Timescale conversion from the DEM model to the thermal model
The definition of the timescale is critical to bridge the gap between the deformation rate during the simulation of DEM and the heating rate that was obtained from the thermal structure. The calculation cost of the DEM method was observed to be so high that we were not able to calculate the deformation during the simulation of DEM over the natural geological timescale (i.e., thousands or millions of years). The timescale used for the DEM simulation, therefore, was set to satisfy the quasi-static deformation conditions to imitate the long-term geological deformation. Consequently, the timescale of the calculation step during the DEM simulation cannot be directly converted to the timescale of the thermal model. To solve this problem, we introduced a normalized timescale based on the displacement of the moving wall, which controls the deformation rate.
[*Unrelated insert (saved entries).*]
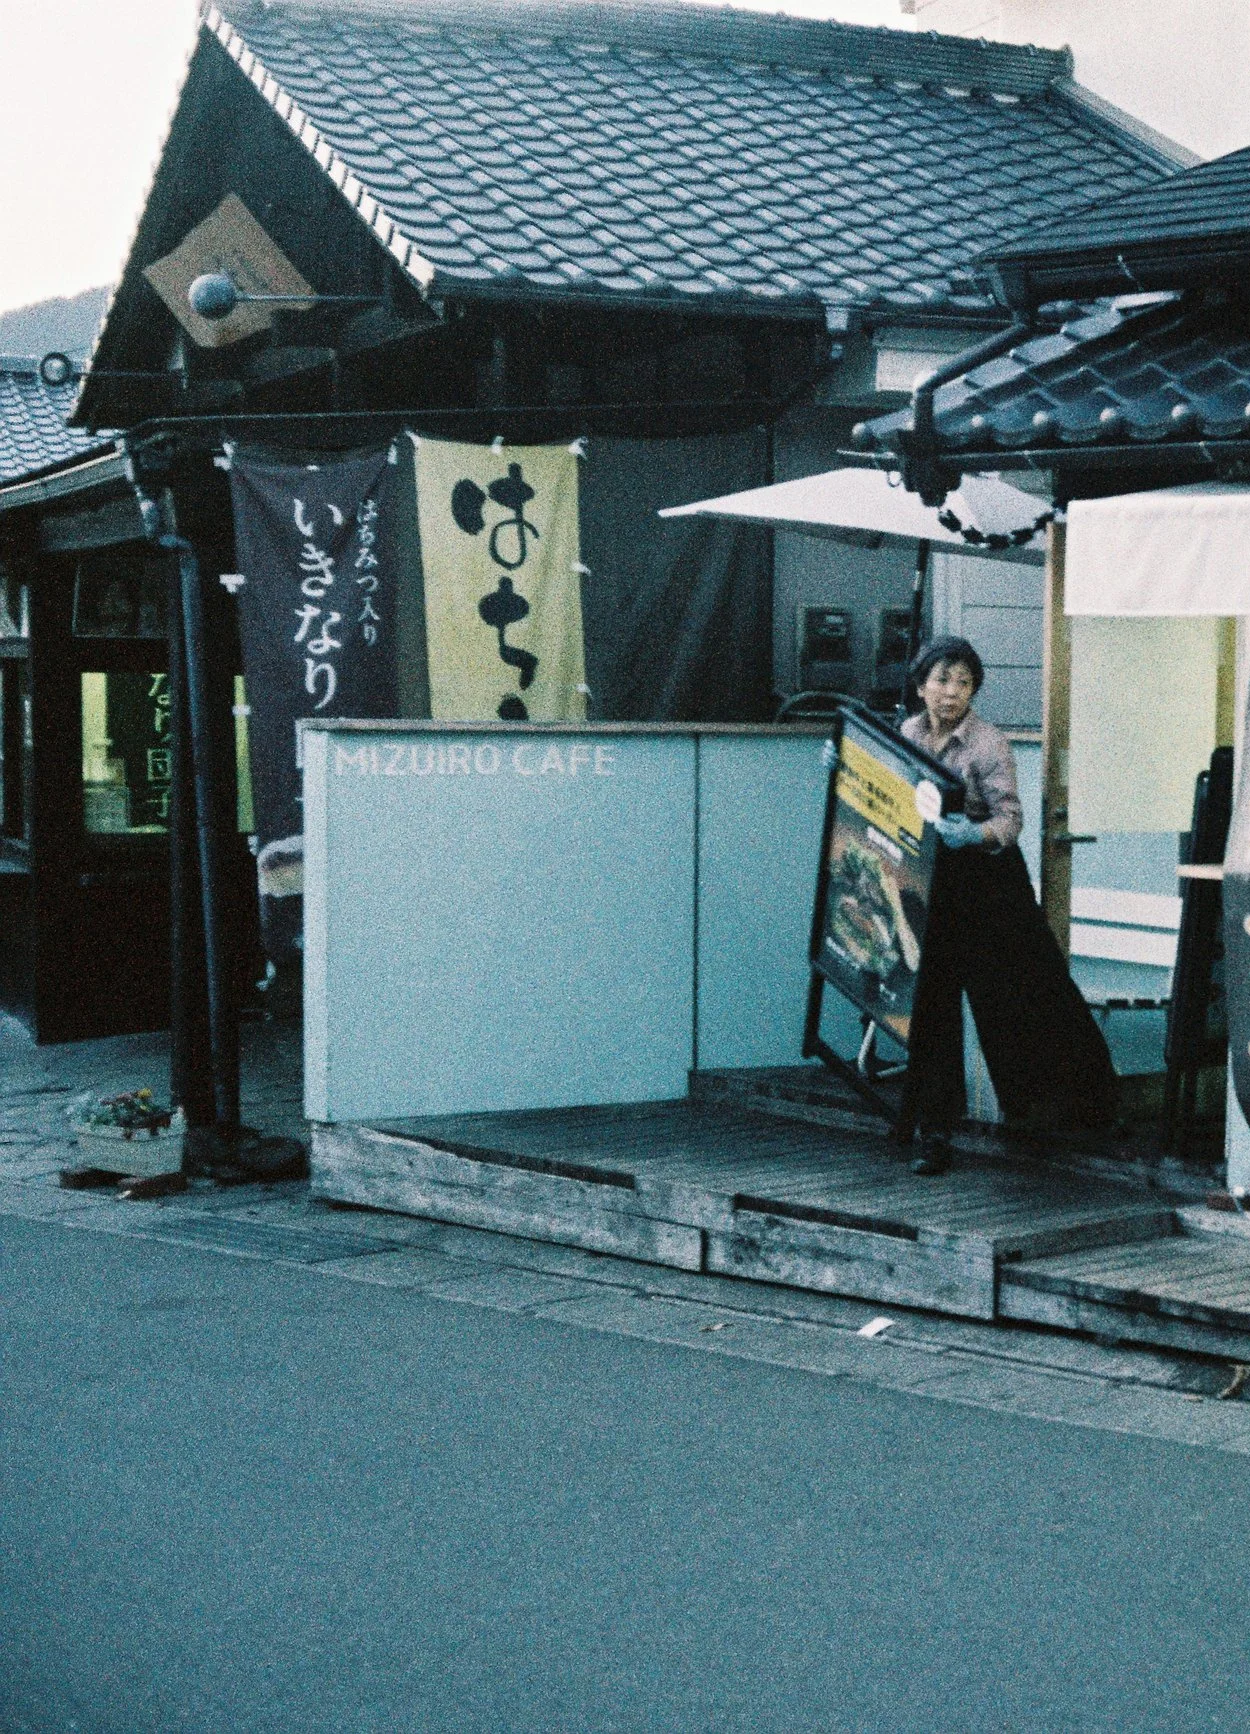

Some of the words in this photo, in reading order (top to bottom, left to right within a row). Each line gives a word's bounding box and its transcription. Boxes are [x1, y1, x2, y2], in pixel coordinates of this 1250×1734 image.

[292, 498, 344, 710] いきなり
[354, 499, 379, 647] はちみつ入り
[334, 744, 499, 777] MIZUIRO
[510, 743, 616, 777] CAFE
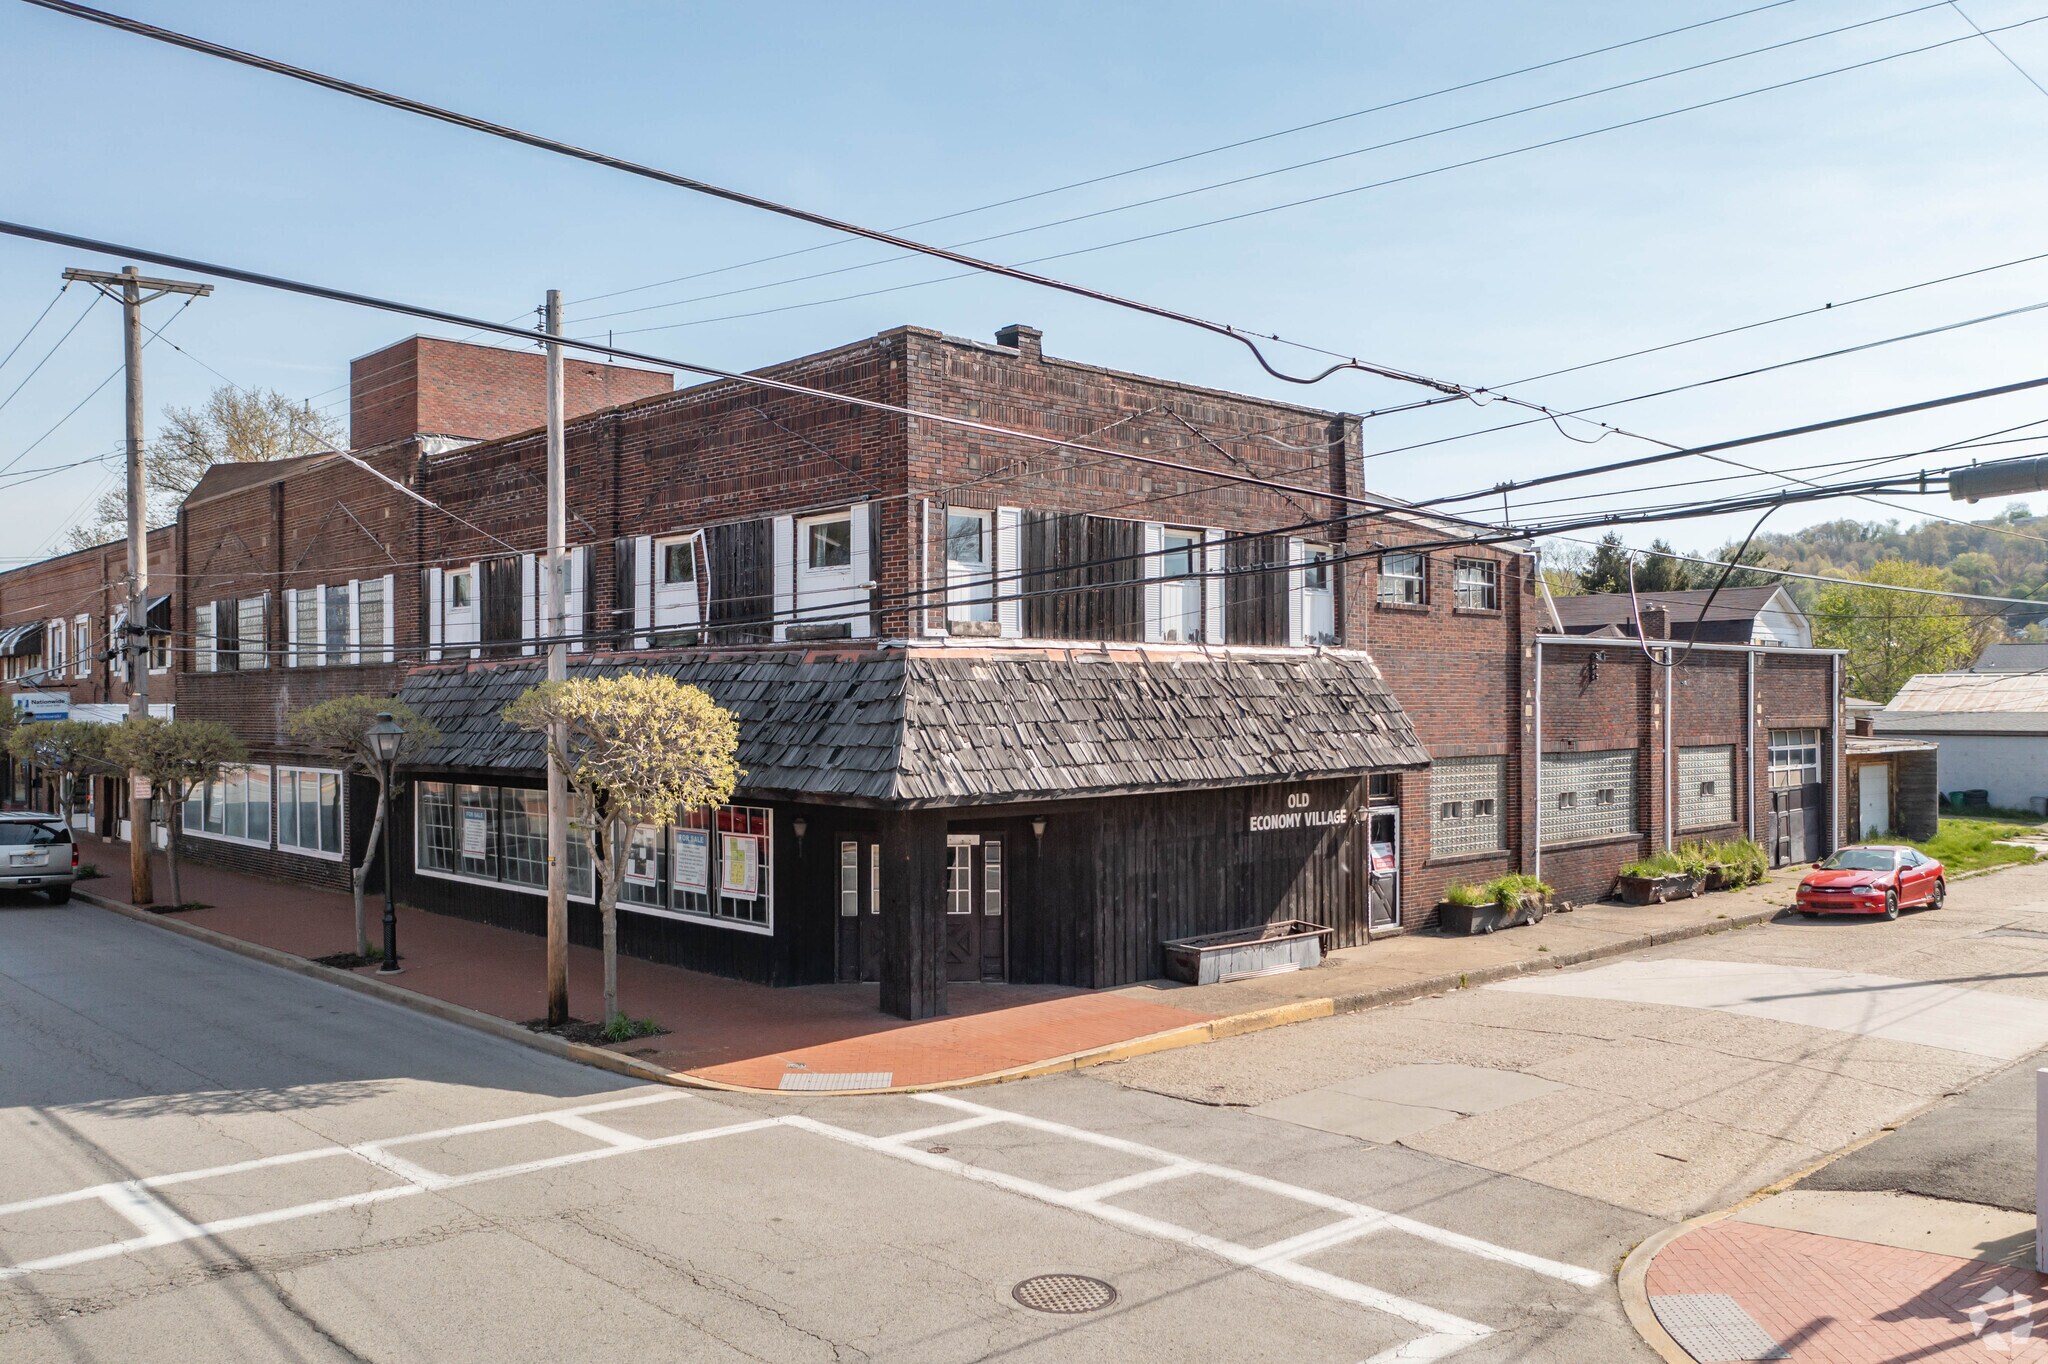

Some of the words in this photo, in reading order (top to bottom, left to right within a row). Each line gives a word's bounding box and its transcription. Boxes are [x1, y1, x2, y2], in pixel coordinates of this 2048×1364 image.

[1288, 793, 1310, 808] OLD
[1250, 813, 1301, 831] ECONOMY
[1304, 809, 1347, 827] VILLAGE
[679, 834, 690, 842] FOR
[690, 835, 704, 843] SALE
The shortening rate that was observed in the natural subduction zone and the shortening rate in this model were set to be equal in the normalized timescale by the displacement of the moving wall. The wedge deformations in the natural geological structures and the numerical simulation were derived from the shortening of the plate subduction zone and the moving wall, respectively. The shortening rate in the plate subduction zone was 4 cm/year in the Nankai Trough, southwest Japan (Seno et al. 1993), whereas the shortening rate of the moving wall was 0.9 cm/step in our simulation timestep. Therefore, to calibrate the shortening rate in this model with that observed in nature, the timescale should be maintained to be 0.225 years/step. Hereafter, the heating duration in the DEM model is maintained to be 0.225 years/step. This normalized timescale reconciles the deformation rate during the simulation of DEM and the heating duration from the thermal model by imitating the deformation rate and heating duration that are observed in nature.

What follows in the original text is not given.